WICG / shape-detection-api

Detection of shapes (faces, QR codes) in images
https://wicg.github.io/shape-detection-api
Other
303 stars 35 forks source link

Potentially need `getSupportedLanguages` function for TextDetector #57

Open tomayac opened 5 years ago

tomayac commented 5 years ago

While text recognition (in the sense of "there is text within this bounding box" as in iOS) doesn't need language hints or return a detected language, true OCR (in the sense of "there is text, and this is what it spells" as in Tesseract) typically will offer best effort results for unknown languages, but activate special models if the language is known for improved results.

This motivates having the option for obtaining a list of supported languages by the UA's underlying implementation, tentatively named getSupportedLanguages, which should be a static method (as illustrated in https://github.com/WICG/shape-detection-api/issues/54).
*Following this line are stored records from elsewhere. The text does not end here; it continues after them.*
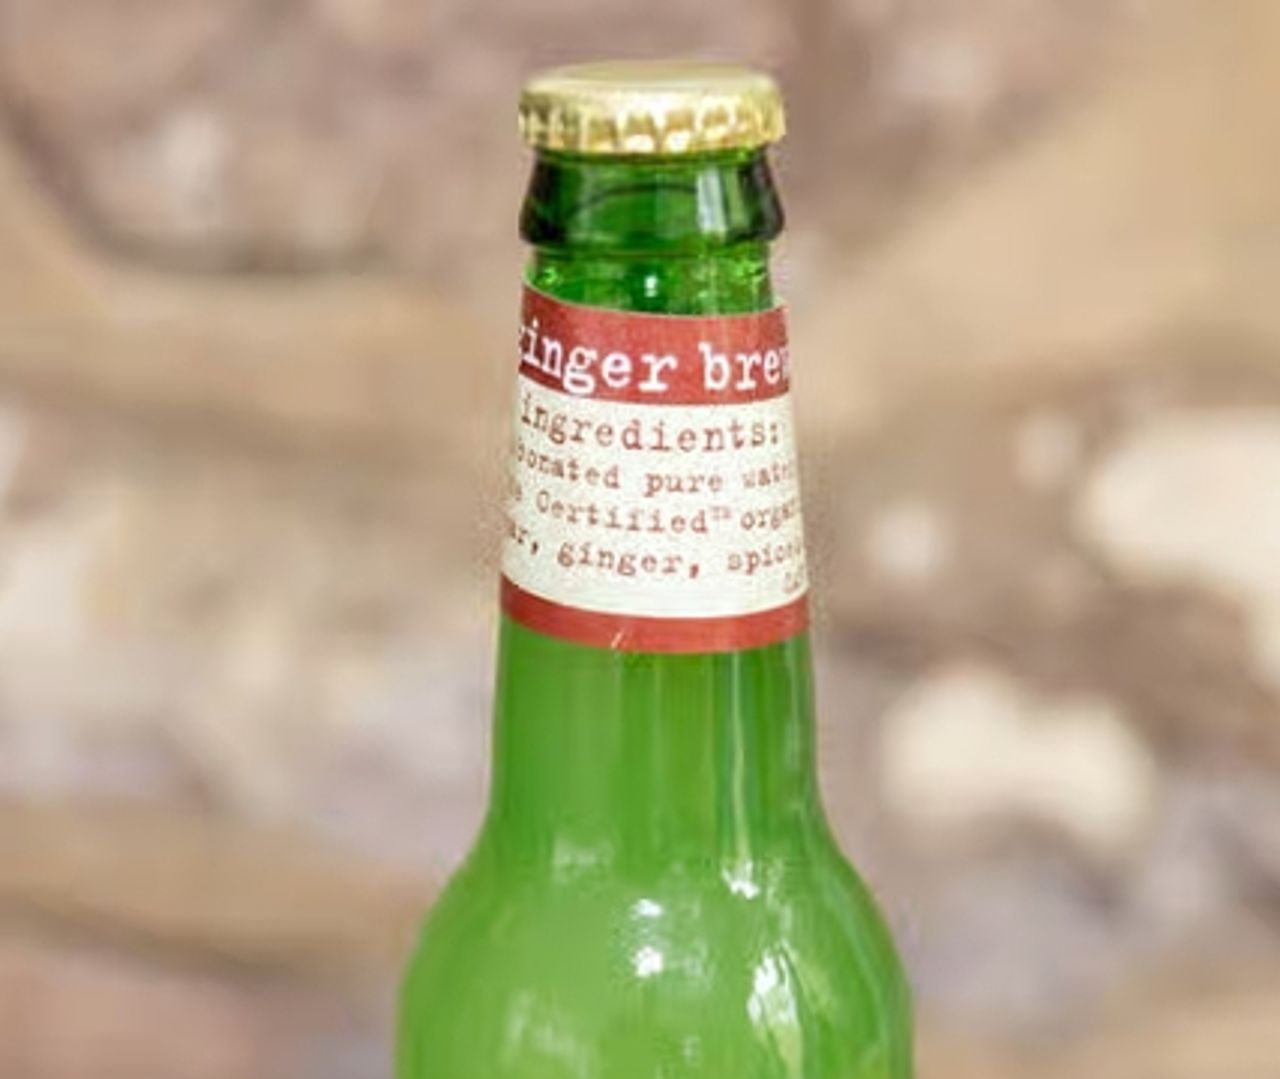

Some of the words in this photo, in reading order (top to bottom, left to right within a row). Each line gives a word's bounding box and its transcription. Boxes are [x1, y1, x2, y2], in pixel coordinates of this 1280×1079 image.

[518, 318, 678, 395] inger
[521, 392, 778, 453] ingredients:
[644, 471, 723, 497] pure
[557, 541, 700, 578] ginger,
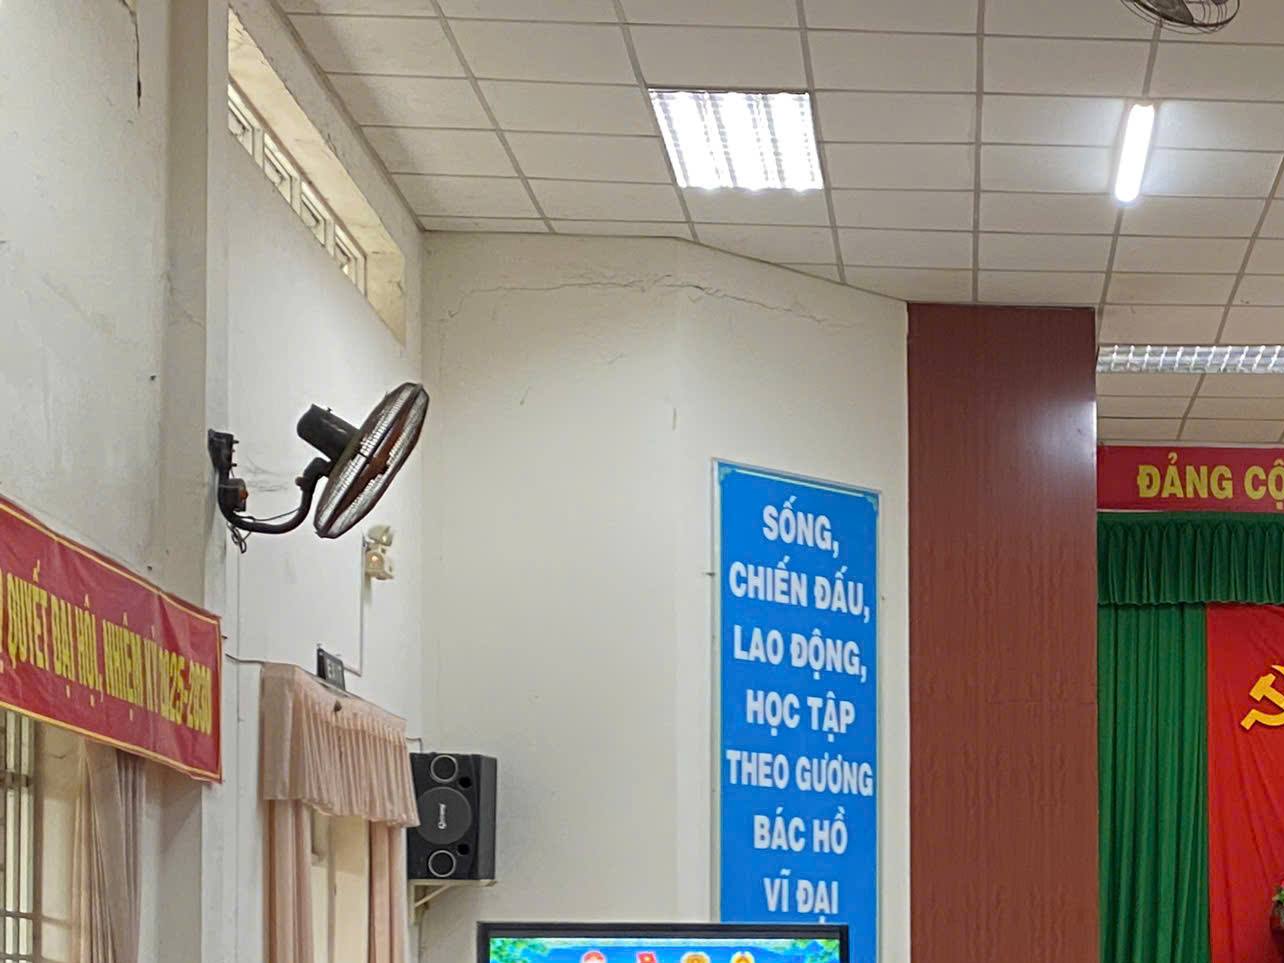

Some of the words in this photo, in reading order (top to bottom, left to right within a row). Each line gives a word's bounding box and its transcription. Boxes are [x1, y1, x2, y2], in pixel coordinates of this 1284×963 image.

[1137, 452, 1233, 499] ĐẢNG
[762, 496, 839, 559] SỐNG,
[729, 555, 807, 607] CHIẾN
[814, 566, 870, 623] ĐẤU,
[734, 624, 784, 665] LAO
[790, 628, 867, 683] ĐỘNG,
[746, 689, 800, 736] HỌC
[807, 691, 855, 742] TẬP
[726, 749, 790, 789] THEO
[795, 752, 873, 796] GƯƠNG
[753, 807, 806, 852] BÁC
[813, 806, 848, 854] HỒ
[763, 868, 791, 912] VĨ
[796, 879, 839, 923] ĐẠI
reillyeon commented 5 years ago

It may also be helpful or necessary to have a getSupportedScripts() method as well. More research is necessary to determine the best way to express the capabilities of the OCR engine.

tomayac commented 5 years ago

Good point. Tesseract seems to select the script automatically for the chosen language: "Selecting a language automatically also selects the language specific character set," but also supports a special language code osd that is used for orientation and script detection.